Exercise goal: A verbatim copy of the lines from the one with "this 2344×1564 image." through the final line below is required; print it and nothing else.

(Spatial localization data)
════

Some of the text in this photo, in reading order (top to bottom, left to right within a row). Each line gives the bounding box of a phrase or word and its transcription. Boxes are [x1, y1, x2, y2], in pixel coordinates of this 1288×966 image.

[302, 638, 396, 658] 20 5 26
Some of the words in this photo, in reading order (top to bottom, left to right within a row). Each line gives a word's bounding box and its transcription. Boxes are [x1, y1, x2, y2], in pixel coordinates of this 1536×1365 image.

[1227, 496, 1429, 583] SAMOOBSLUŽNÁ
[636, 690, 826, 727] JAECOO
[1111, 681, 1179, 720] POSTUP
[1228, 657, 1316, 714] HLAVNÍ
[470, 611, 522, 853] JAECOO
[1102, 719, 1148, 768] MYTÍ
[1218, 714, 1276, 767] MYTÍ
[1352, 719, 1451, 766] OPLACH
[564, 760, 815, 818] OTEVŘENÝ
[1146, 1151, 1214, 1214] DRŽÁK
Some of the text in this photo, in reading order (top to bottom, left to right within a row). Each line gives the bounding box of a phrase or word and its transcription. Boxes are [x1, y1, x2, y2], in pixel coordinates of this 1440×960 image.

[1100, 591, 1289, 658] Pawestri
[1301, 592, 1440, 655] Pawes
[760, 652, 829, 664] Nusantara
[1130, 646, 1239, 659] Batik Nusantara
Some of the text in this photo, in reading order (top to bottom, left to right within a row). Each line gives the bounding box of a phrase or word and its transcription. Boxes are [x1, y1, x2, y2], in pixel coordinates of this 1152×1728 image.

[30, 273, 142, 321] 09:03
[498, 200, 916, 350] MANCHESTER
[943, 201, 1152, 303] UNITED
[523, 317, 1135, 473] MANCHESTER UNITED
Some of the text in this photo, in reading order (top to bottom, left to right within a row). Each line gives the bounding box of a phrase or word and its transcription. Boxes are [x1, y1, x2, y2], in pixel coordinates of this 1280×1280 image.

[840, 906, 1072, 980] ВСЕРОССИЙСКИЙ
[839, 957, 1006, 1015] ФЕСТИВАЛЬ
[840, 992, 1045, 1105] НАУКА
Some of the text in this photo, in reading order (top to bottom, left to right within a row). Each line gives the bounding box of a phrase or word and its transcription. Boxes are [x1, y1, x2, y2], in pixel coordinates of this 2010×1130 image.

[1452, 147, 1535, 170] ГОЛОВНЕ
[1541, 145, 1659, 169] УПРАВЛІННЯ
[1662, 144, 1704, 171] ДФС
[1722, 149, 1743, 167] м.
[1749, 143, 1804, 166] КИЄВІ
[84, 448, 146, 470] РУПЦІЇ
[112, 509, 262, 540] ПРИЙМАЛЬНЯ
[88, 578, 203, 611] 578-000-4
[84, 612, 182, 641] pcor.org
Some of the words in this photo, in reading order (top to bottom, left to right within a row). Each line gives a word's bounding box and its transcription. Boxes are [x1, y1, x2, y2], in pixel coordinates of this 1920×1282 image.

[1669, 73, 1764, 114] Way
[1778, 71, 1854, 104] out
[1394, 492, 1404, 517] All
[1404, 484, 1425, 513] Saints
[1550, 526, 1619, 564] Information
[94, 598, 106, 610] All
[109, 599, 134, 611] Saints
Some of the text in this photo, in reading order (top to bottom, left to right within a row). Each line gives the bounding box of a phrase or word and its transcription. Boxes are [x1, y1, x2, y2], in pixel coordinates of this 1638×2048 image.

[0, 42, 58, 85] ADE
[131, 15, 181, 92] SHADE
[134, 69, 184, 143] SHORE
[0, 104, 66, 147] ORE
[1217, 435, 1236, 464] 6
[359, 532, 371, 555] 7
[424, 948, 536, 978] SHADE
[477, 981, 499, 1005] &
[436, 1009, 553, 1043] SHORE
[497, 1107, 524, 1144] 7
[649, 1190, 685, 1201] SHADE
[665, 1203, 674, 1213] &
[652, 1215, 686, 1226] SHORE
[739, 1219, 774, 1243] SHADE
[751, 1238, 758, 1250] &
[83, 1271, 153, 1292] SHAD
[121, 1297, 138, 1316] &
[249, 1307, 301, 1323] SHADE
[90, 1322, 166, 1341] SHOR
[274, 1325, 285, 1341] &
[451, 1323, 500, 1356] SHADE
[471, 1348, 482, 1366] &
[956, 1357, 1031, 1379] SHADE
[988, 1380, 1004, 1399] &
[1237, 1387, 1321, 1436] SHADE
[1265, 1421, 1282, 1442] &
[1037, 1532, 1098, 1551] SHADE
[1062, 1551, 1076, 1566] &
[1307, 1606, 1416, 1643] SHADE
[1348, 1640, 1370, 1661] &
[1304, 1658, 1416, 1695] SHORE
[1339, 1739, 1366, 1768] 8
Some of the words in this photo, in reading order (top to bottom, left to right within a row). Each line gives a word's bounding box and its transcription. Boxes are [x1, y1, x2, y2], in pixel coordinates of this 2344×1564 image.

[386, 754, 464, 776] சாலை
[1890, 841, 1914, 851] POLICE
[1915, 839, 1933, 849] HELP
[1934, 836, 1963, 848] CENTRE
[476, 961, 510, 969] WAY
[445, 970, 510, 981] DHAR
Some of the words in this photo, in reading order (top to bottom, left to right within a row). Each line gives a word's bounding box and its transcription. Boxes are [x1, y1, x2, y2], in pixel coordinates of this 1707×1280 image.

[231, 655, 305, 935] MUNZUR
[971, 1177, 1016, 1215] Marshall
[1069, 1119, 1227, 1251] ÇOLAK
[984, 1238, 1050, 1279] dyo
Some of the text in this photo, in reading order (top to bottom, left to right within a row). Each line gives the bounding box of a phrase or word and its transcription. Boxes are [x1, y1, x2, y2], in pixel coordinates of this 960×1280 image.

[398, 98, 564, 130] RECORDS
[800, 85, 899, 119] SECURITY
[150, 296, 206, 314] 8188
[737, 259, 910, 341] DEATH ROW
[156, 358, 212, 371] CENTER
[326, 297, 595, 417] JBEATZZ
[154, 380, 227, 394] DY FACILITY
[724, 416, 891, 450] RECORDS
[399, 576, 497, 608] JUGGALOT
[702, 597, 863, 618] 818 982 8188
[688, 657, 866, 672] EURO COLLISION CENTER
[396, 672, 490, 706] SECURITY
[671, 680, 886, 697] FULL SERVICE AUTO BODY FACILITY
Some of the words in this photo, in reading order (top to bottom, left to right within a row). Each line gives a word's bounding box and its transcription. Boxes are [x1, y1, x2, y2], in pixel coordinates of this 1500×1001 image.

════

Answer to this exercise:
Some of the words in this photo, in reading order (top to bottom, left to right within a row). Each line gives a word's bounding box and its transcription. Boxes are [x1, y1, x2, y2], in pixel coordinates of this 2344×1564 image.

[386, 754, 464, 776] சாலை
[1890, 841, 1914, 851] POLICE
[1915, 839, 1933, 849] HELP
[1934, 836, 1963, 848] CENTRE
[476, 961, 510, 969] WAY
[445, 970, 510, 981] DHAR
Some of the words in this photo, in reading order (top to bottom, left to right within a row). Each line gives a word's bounding box and its transcription. Boxes are [x1, y1, x2, y2], in pixel coordinates of this 1707×1280 image.

[231, 655, 305, 935] MUNZUR
[971, 1177, 1016, 1215] Marshall
[1069, 1119, 1227, 1251] ÇOLAK
[984, 1238, 1050, 1279] dyo
Some of the text in this photo, in reading order (top to bottom, left to right within a row). Each line gives the bounding box of a phrase or word and its transcription. Boxes are [x1, y1, x2, y2], in pixel coordinates of this 960×1280 image.

[398, 98, 564, 130] RECORDS
[800, 85, 899, 119] SECURITY
[150, 296, 206, 314] 8188
[737, 259, 910, 341] DEATH ROW
[156, 358, 212, 371] CENTER
[326, 297, 595, 417] JBEATZZ
[154, 380, 227, 394] DY FACILITY
[724, 416, 891, 450] RECORDS
[399, 576, 497, 608] JUGGALOT
[702, 597, 863, 618] 818 982 8188
[688, 657, 866, 672] EURO COLLISION CENTER
[396, 672, 490, 706] SECURITY
[671, 680, 886, 697] FULL SERVICE AUTO BODY FACILITY
Some of the words in this photo, in reading order (top to bottom, left to right within a row). Each line gives a word's bounding box and its transcription. Boxes are [x1, y1, x2, y2], in pixel coordinates of this 1500×1001 image.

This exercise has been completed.